Yoshinobu Yamamoto is on the market and his agent had things to say about that, while the biggest fish in a small Japanese free agency pond has signed.
Orix hits pay free agent pay dirt again
The Orix Buffaloes signed this winter’s top free agent, Hiroshima Carp outfielder Ryoma Nishikawa, who didn’t put up the best numbers of his career, but who has been a consistently valuable regular for the past five seasons.
His contract is reported as being four years for 1.2 billion yen, basically a 300 percent raise over what he was earning in Hiroshima. And as for whether players feel one league might be better than the other, Kyodo News quoted him as saying he was interested to see how well his game played in the PL.
He’ll be 29 on Dec. 10, and he’s coming off the most valuable season of his career by Bill James’ Win Shares, but the worst of his six seasons as a regular by Delta Graphs’ WAR.
His 18.6 win shares would have been fourth most among Buffaloes’ position players, and fifth most if one included pitchers. Win Shares ranked him at one win more than shortstop Kotaro Kurebayashi, while WAR has Kurebayashi 0.9 wins above Nishikawa. That’s the way it goes.
It’s the second year the Buffaloes got one of the top picks of the free agent crop by signing Tomoya Mori, who turned in the team’s most valuable season.
Agent Wolfe: Market for Yamamoto starts hot
Yoshinobu Yamamoto’s agent, Joel Wolfe, said he’s never seen a market for a free agent start so hot so quickly after receiving numerous e-mails and calls from teams on the first day they were allowed to negotiate.

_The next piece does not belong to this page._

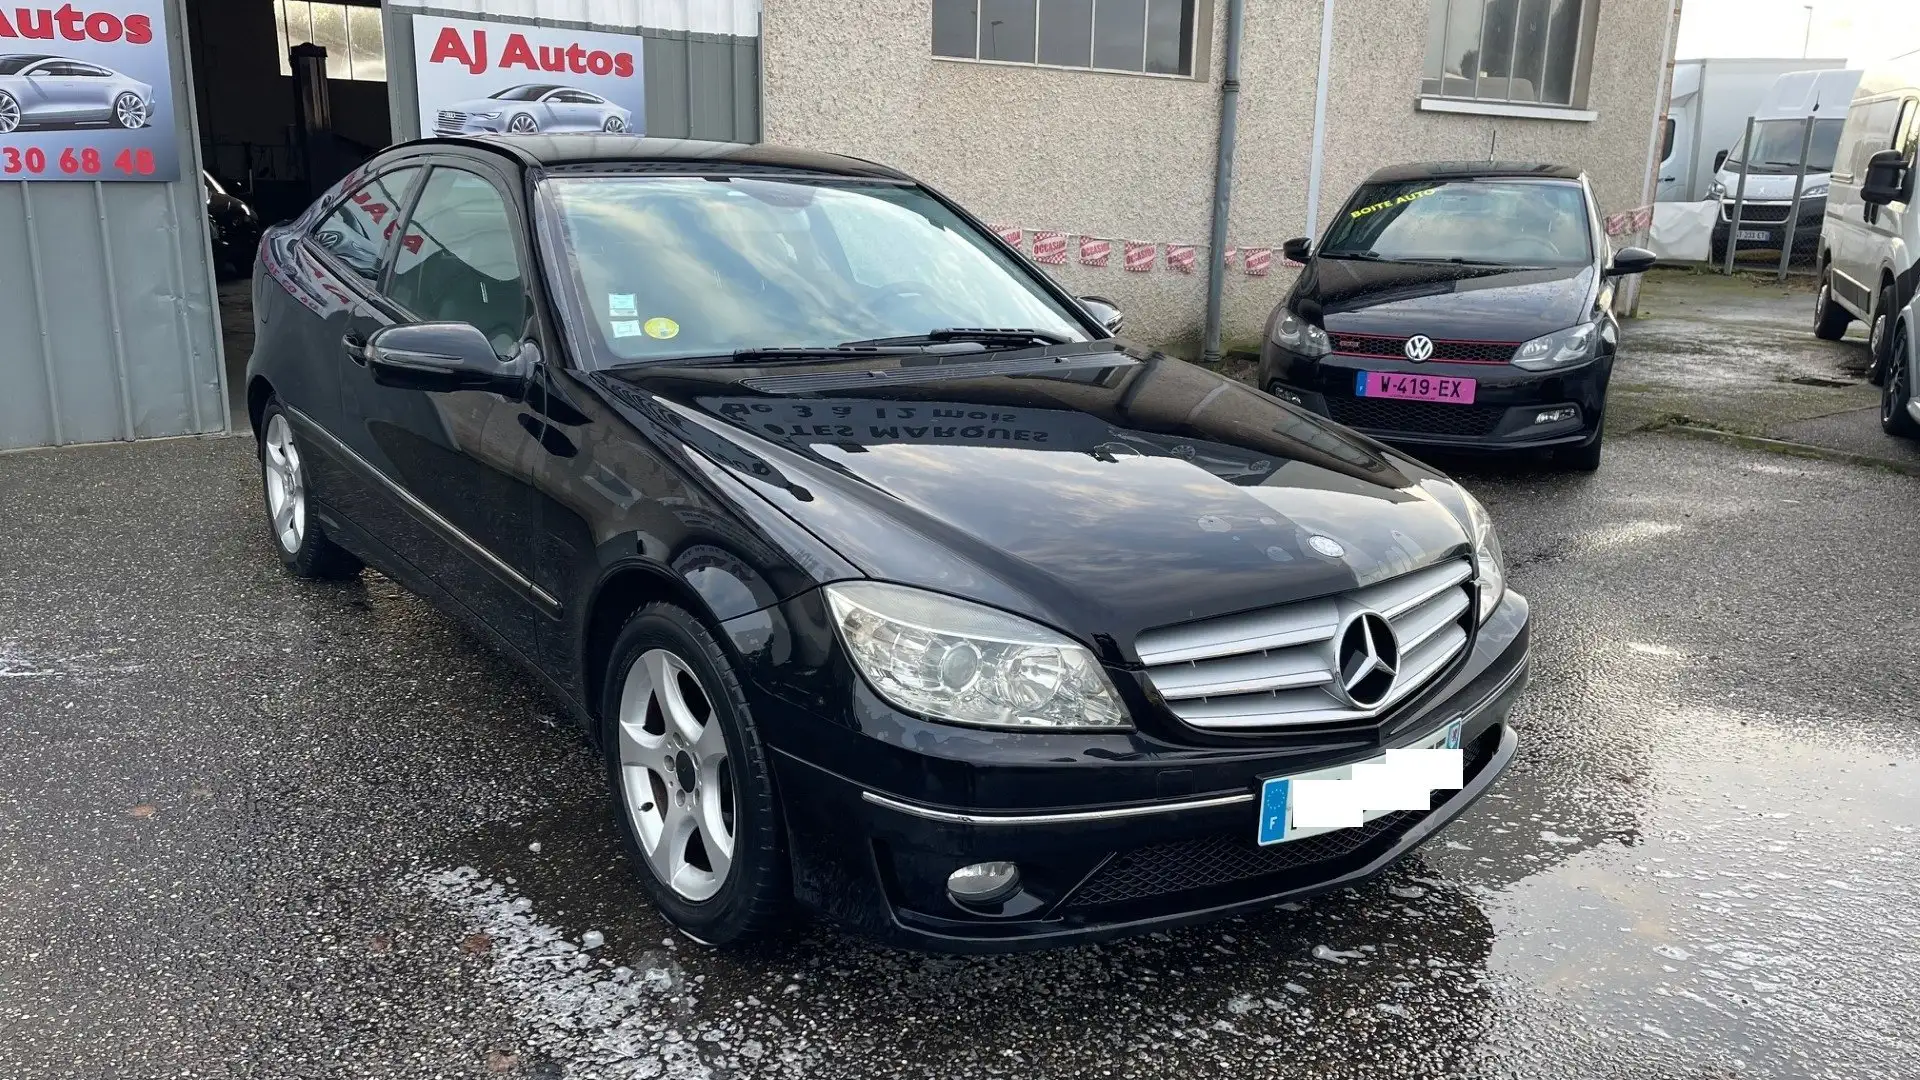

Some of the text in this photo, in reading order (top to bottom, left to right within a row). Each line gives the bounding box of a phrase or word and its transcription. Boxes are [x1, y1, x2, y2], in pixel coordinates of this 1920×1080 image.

In addition to the usual hyperbole about a player who barely needs it, Wolfe explained the market the same way others have spelled it out for me this autumn, that the demand for quality starting pitchers is reaching panic proportions and the metrics available through tracking data gleaned from NPB games has made MLB front offices think they know everything about Yamamoto’s pitching.
Of course, I wanted to jump in and say throwing an NPB ball and an MLB ball are different experiences and require adjustments, but there is no doubt that Yamamoto has the raw ability to make those tweaks.

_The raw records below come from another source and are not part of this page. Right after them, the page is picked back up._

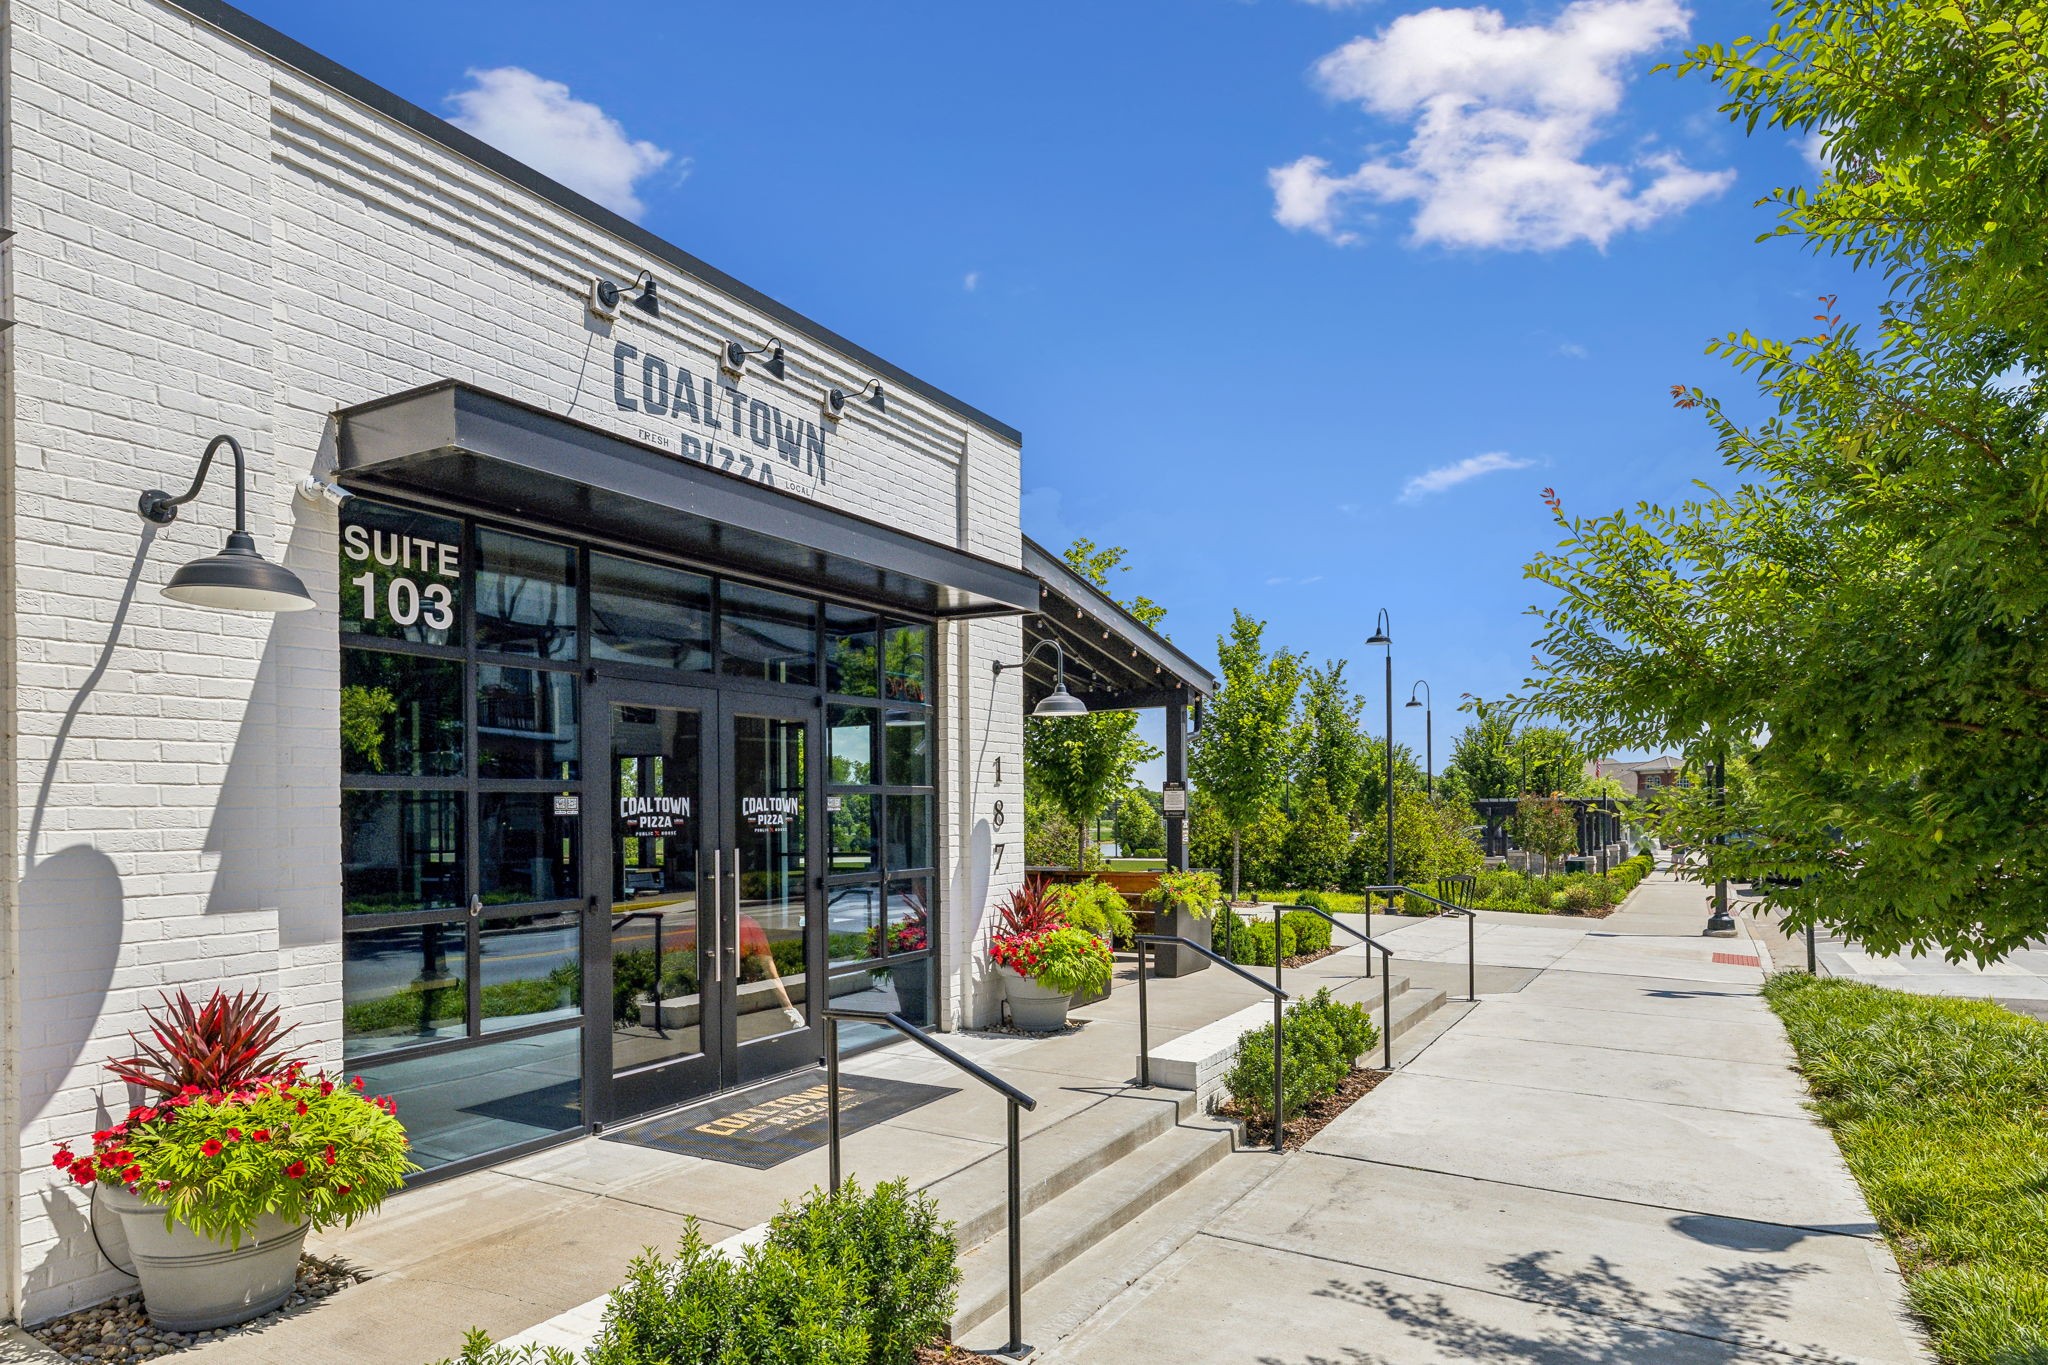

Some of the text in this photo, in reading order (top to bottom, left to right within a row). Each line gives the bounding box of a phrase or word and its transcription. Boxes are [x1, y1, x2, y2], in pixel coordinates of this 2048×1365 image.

[614, 340, 826, 486] COALTOWN
[638, 429, 669, 447] FRESH
[785, 481, 810, 497] LOCAL
[344, 525, 460, 577] SUITE
[353, 572, 454, 630] 103
[620, 797, 690, 818] COALTOWN
[742, 797, 798, 816] COALTOWN
[639, 816, 673, 828] PIZZA
[757, 814, 784, 825] PIZZA

Mix in that he’s 25, and a few months older than Masahiro Tanaka when the Yankees signed him to MLB’s biggest first-year player contract, throw in inflation and you get a deal that could go beyond $200 in my way of thinking.
Wolfe did say that one of the teams that have contacted him might drop out of the Yamamoto sweepstakes if they land Shohei Ohtani, and that Yamamoto will not be at the winter meetings starting Dec. 3 in Nashville, Tennessee, but intends to meet teams after that.